You will pay a loading of 2 percent on top of your hospital cover premium for every year you are over 30 when you finally take it out, up to a maximum of 70 percent. It stays in place until you have held continuous cover for 10 years.

I am not earning much yet. Do the Medicare Levy Surcharge or the tax cut even apply to me?

Probably not yet. The surcharge only applies above $105,000 for singles or $210,000 for a couple or family. The tax cut applies to income between $18,201 and $45,000, which is common in the first working years here, so that one likely does help you.

Is the $1,000 no-receipt deduction something I can use this year?

Not yet. It has not become law, and even once it does, it will only apply to the 2026-27 financial year, meaning the return you lodge in 2027. Keep your receipts as usual for now.

Do I still need to file a tax return if I had no income this year?

Yes. The Australian system works on declaration, not assumption. Filing a simple return with little or nothing to declare is normal and expected, not a red flag.

What We Wish We Had Known

If we could sit with that version of us, the one staring at a letter we did not understand, with a two year old needing attention and a husband doing late night research alone, here is what we would say. You do not need to understand everything the first time you read it. You just need to know which letters matter enough to act on, and by when.

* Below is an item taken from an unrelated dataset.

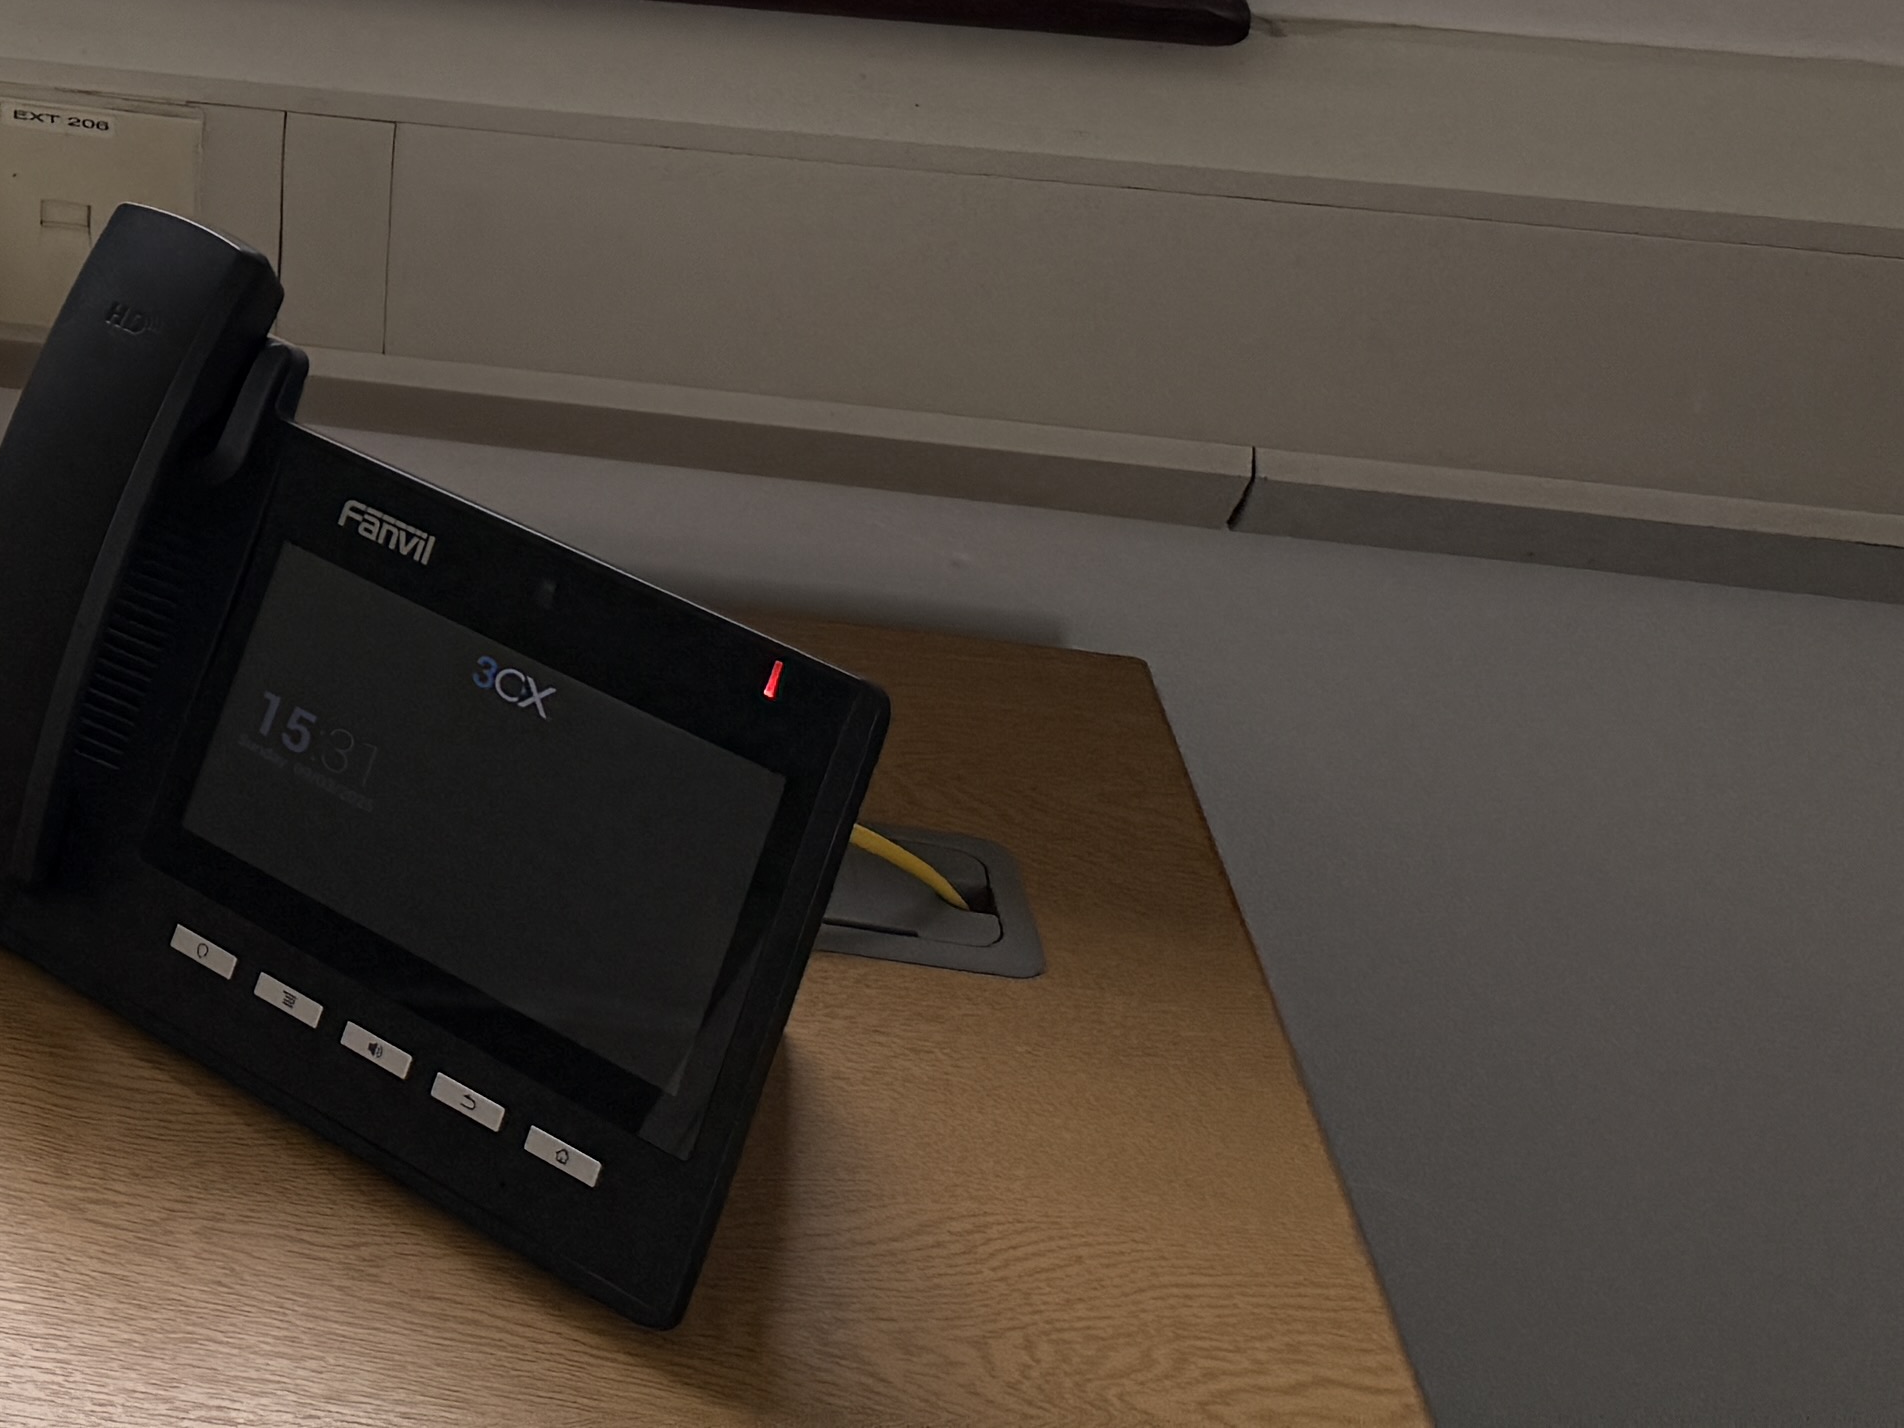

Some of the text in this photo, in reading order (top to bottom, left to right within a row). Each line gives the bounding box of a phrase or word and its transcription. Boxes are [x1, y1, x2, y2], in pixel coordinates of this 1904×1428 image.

Lifetime Health Cover is about a date. Find your base day, and act before it. Medicare Levy Surcharge is about your income and whether you have hospital cover. Most new arrivals in their early years here will not hit this threshold.

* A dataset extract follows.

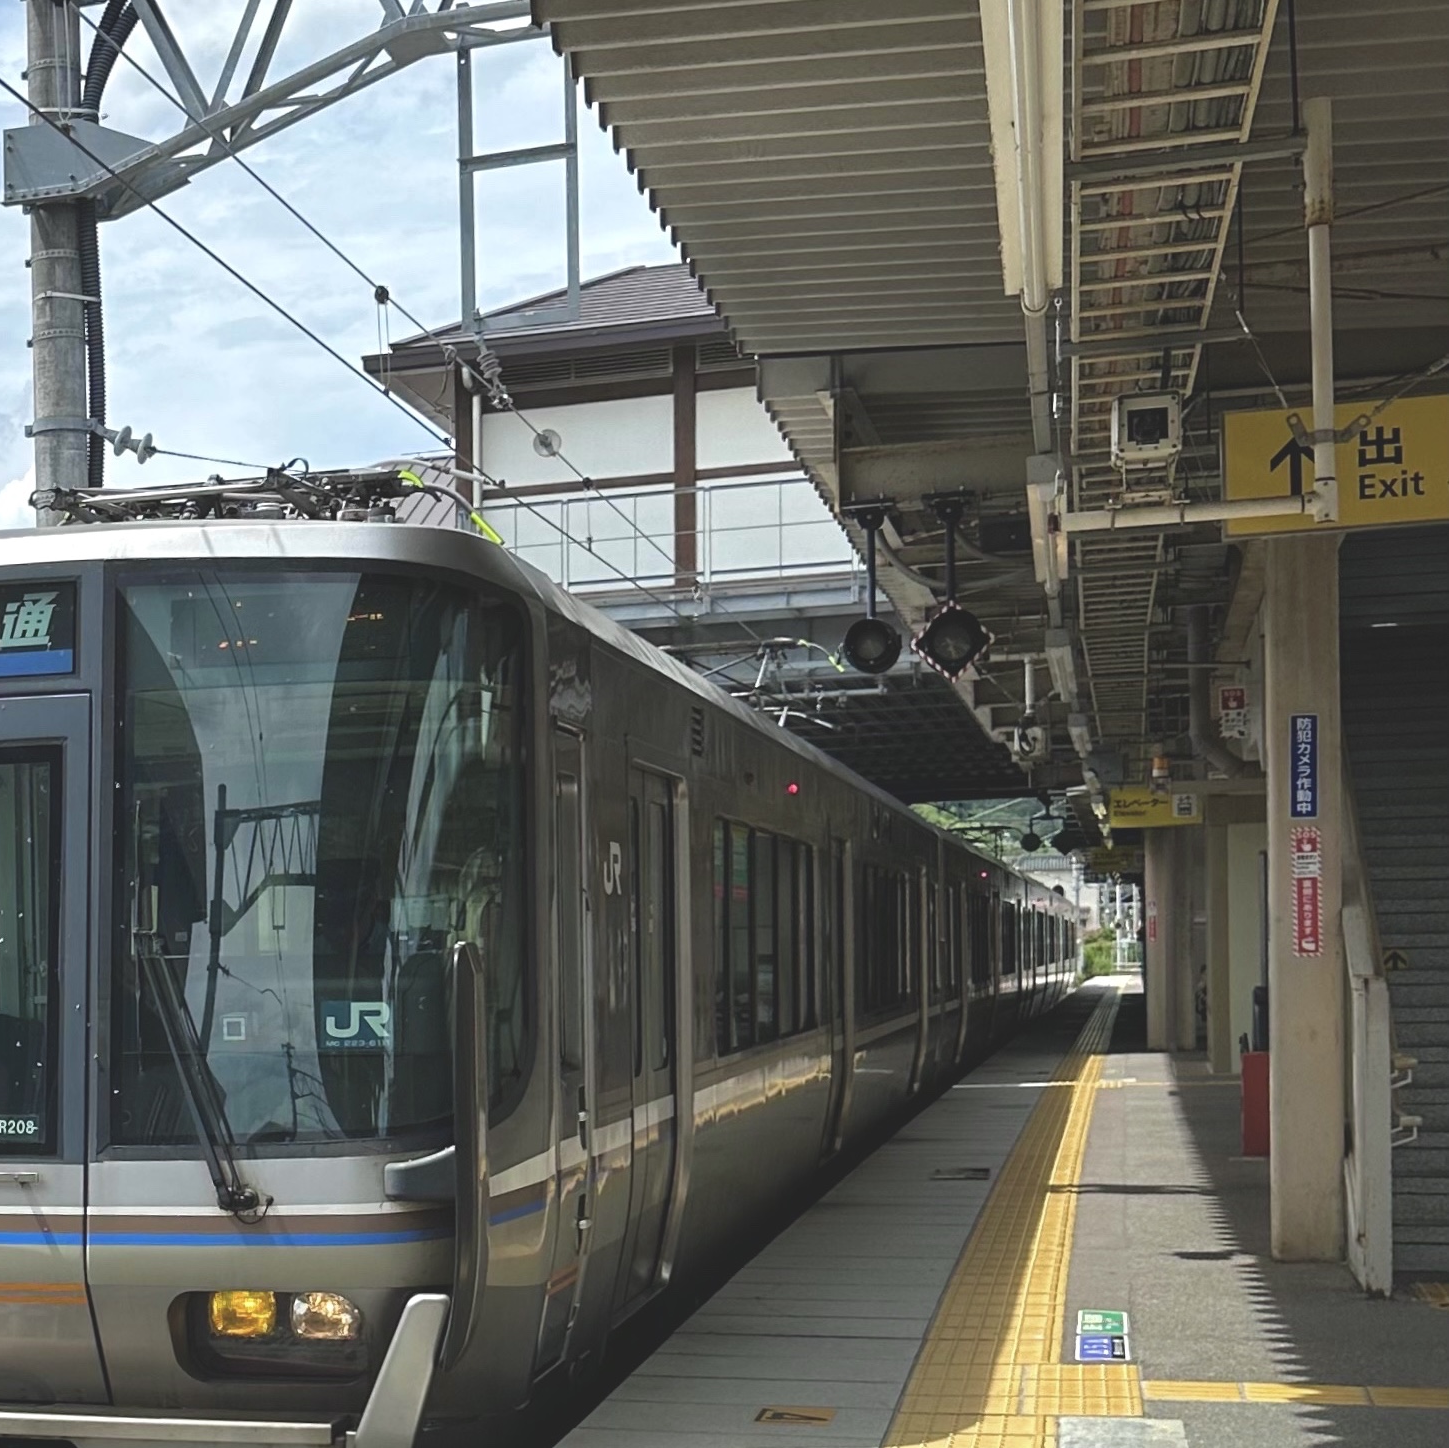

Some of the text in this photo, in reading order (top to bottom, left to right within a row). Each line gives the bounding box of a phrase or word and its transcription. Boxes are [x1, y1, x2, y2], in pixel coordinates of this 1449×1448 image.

The Medicare levy itself is just part of life here, the same for almost everyone. And every financial year from now on, a few things will quietly shift in the background. A tax bracket. A super rule. Sometimes a change that is still on its way, like that $1,000 deduction, worth knowing about but not yet worth acting on. You do not need to chase the news every July. You just need one place to come back to that translates it for you, so you are never staring at a letter alone the way we once were.

That is exactly what we are trying to build here.